Population (2018-01-01)
- • Total: 12,487
- • Density: 383.3/km^{2} (992.7/sq mi)
- Postal codes: 9270
- NIS code: 42010
- Area codes: 09
- Website: www.laarne.be

= Laarne =

Laarne (/nl/) is a municipality located in the Belgian province of East Flanders. The municipality comprises the towns of Kalken and Laarne proper. On 1 January 2018, Laarne had a total population of 	12,487. The total area is 32.07 km^{2}.
The current mayor of Laarne is Ignace De Baerdemaecker, from the VLD (Liberal) party.

==History==
The village lies to the east of Ghent, near a former course of the River the Scheldt and is notable for its castle. The castle dates from the twelfth and later centuries, notably, the seventeenth, and has been sympathetically restored and re-furnished.

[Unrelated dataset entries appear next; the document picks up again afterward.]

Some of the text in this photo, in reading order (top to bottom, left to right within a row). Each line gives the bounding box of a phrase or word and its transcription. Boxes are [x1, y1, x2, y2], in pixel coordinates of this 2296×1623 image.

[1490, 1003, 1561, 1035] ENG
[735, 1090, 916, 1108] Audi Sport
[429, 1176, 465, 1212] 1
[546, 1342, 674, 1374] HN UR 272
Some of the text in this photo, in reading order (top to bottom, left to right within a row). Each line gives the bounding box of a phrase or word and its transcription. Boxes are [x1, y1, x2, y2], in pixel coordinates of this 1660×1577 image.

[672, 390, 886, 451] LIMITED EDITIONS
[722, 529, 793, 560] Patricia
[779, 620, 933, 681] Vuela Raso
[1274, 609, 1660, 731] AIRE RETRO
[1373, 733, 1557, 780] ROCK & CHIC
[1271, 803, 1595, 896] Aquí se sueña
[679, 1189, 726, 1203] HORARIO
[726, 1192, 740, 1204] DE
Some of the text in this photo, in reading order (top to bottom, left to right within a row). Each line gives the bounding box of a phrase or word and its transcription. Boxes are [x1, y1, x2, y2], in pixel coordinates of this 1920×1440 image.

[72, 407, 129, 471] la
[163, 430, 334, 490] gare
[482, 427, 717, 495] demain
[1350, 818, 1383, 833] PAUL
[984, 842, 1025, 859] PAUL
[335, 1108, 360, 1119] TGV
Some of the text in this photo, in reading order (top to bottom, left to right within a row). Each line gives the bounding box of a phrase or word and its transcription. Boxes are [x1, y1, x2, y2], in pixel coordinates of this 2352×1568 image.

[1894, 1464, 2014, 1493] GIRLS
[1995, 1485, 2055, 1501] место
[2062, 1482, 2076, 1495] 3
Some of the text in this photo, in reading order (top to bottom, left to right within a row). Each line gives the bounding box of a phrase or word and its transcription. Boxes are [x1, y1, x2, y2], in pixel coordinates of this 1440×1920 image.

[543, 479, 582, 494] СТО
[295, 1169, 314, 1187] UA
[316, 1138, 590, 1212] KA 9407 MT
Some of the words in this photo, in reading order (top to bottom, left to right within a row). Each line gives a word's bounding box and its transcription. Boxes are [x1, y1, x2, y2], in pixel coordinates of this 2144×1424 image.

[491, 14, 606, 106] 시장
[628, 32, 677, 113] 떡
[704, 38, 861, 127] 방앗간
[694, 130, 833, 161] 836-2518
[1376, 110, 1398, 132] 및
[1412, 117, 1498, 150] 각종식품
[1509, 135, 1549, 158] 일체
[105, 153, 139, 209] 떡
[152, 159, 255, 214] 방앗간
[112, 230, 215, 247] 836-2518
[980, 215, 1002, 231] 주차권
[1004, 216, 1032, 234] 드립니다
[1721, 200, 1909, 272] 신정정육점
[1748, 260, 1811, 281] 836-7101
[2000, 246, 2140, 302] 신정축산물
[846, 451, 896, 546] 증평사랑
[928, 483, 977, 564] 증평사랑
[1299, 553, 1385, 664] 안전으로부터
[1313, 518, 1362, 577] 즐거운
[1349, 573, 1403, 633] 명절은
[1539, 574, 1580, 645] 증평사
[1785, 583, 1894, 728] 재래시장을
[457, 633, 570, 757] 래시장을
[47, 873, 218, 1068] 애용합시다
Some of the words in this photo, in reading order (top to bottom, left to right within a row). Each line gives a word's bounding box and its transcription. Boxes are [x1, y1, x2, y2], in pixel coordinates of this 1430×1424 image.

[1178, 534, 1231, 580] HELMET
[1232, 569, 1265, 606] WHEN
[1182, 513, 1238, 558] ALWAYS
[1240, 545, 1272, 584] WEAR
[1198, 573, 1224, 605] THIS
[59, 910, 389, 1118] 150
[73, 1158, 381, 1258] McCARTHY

The name arises from the Germanic hlaeri which signifies terrain seen as wooded and marshy. It is possible to speculate that the village originated in serving the castle, which in turn, guarded the river approach to Ghent from the sea. In the twelfth century, the river was less remote from the city than it is today. In 1040, Laarne was mentioned as Laren.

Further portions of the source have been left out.